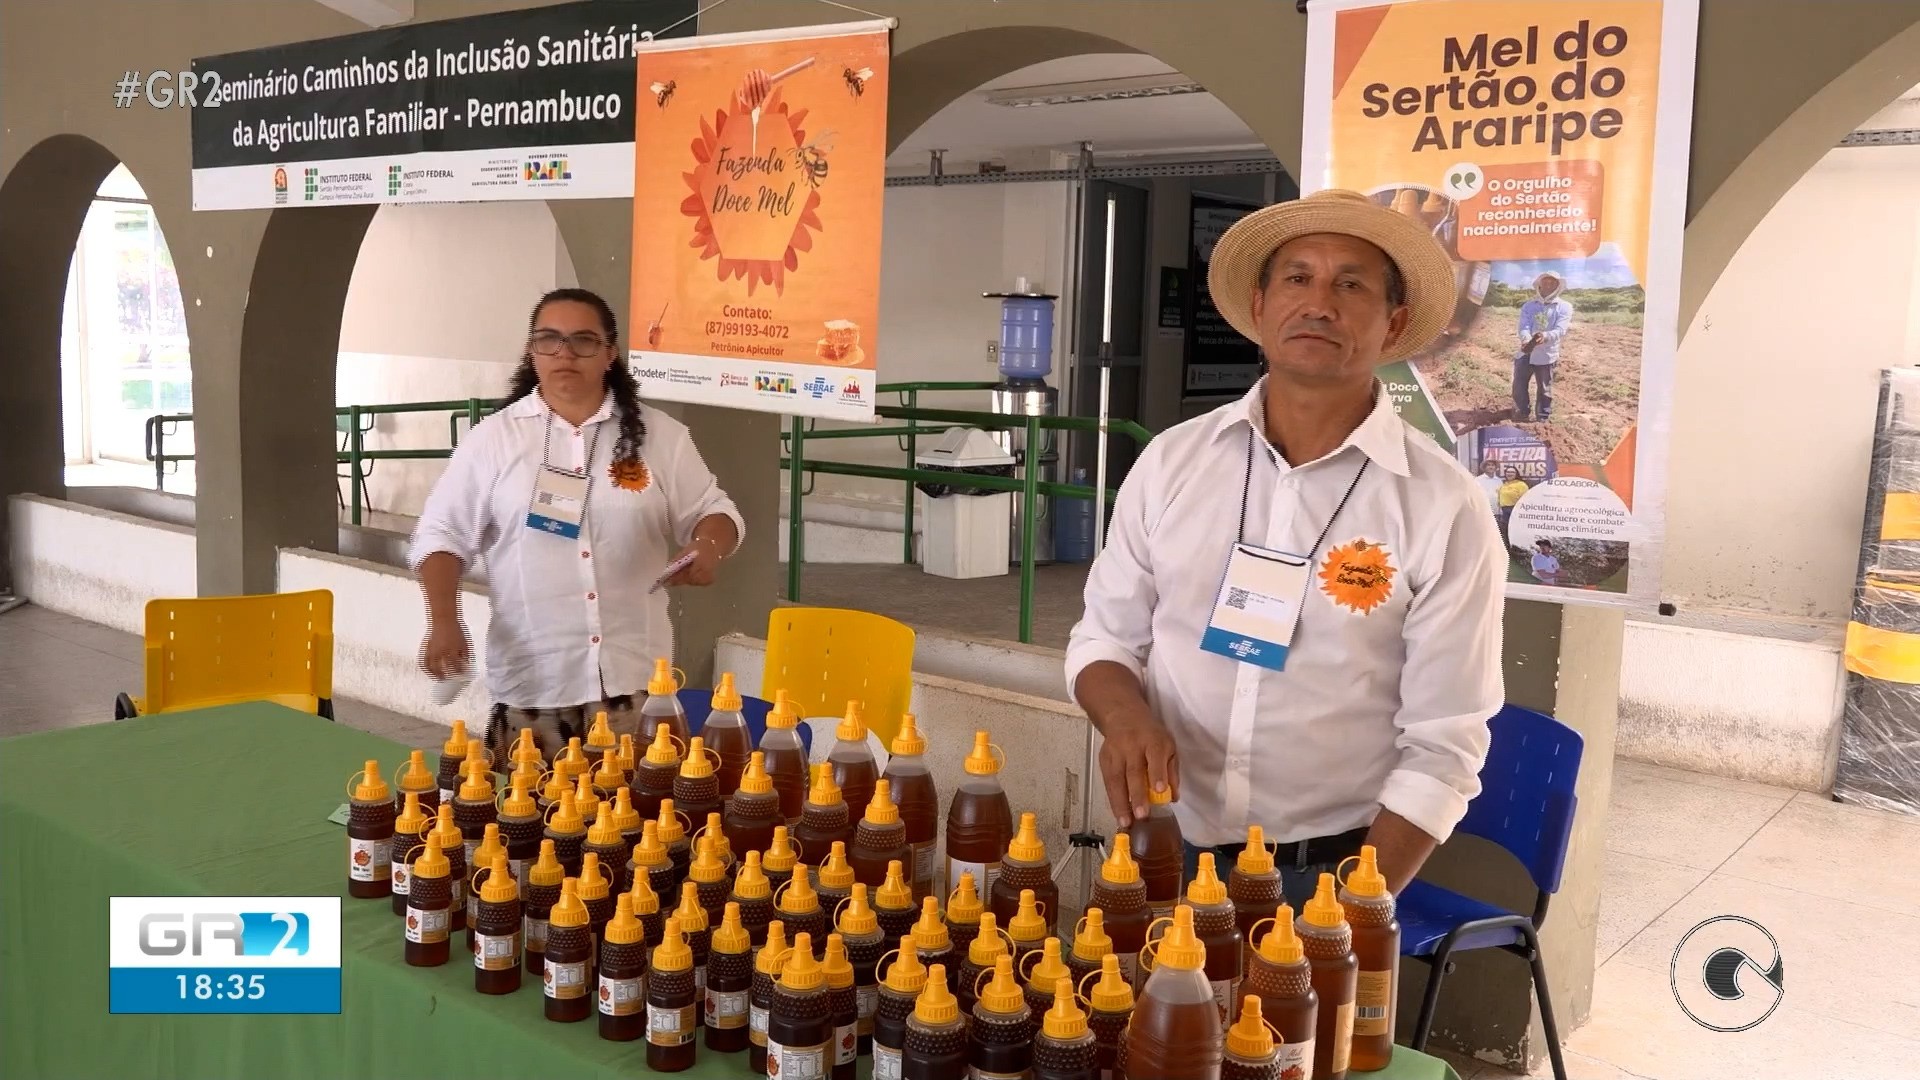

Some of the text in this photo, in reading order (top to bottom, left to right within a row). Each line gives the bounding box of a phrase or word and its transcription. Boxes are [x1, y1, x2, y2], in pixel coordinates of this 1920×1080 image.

[1443, 20, 1628, 74] Mel do
[303, 56, 399, 93] Caminhos
[404, 50, 429, 81] da
[436, 38, 531, 77] Inclusão
[1362, 60, 1626, 119] Sertão do
[233, 89, 621, 152] da Agricultura Familiar - Pernambuco
[1411, 102, 1624, 156] Araripe
[716, 146, 785, 181] Fazenda
[320, 172, 373, 184] INSTITUTO FEDERAL
[426, 169, 454, 178] FEDERAL
[1488, 175, 1572, 193] O Orgulho
[712, 181, 796, 218] Doce Mel
[1490, 191, 1570, 206] do Sertão
[1478, 205, 1583, 221] reconhecido
[1463, 219, 1597, 237] nacionalmente!
[723, 304, 772, 320] Contato:
[705, 321, 789, 339] (87)99193-4072
[711, 341, 784, 356] Petrônio Apicultor
[633, 366, 667, 379] Prodeter
[803, 382, 835, 394] SEBRAE
[1389, 382, 1419, 392] Doce
[1519, 502, 1625, 517] Apicultura agroecológica
[1518, 512, 1554, 521] aumenta
[1556, 514, 1578, 523] lucro
[1587, 516, 1625, 526] combate
[1527, 522, 1615, 535] mudanças climáticas

▸ ASSIGNMENT: Please give all of the data again, exact and free of pictures.

▸ EXERCISE OUTPUT:
Some of the text in this photo, in reading order (top to bottom, left to right within a row). Each line gives the bounding box of a phrase or word and its transcription. Boxes are [x1, y1, x2, y2], in pixel coordinates of this 1920×1080 image.

[1443, 20, 1628, 74] Mel do
[303, 56, 399, 93] Caminhos
[404, 50, 429, 81] da
[436, 38, 531, 77] Inclusão
[1362, 60, 1626, 119] Sertão do
[233, 89, 621, 152] da Agricultura Familiar - Pernambuco
[1411, 102, 1624, 156] Araripe
[716, 146, 785, 181] Fazenda
[320, 172, 373, 184] INSTITUTO FEDERAL
[426, 169, 454, 178] FEDERAL
[1488, 175, 1572, 193] O Orgulho
[712, 181, 796, 218] Doce Mel
[1490, 191, 1570, 206] do Sertão
[1478, 205, 1583, 221] reconhecido
[1463, 219, 1597, 237] nacionalmente!
[723, 304, 772, 320] Contato:
[705, 321, 789, 339] (87)99193-4072
[711, 341, 784, 356] Petrônio Apicultor
[633, 366, 667, 379] Prodeter
[803, 382, 835, 394] SEBRAE
[1389, 382, 1419, 392] Doce
[1519, 502, 1625, 517] Apicultura agroecológica
[1518, 512, 1554, 521] aumenta
[1556, 514, 1578, 523] lucro
[1587, 516, 1625, 526] combate
[1527, 522, 1615, 535] mudanças climáticas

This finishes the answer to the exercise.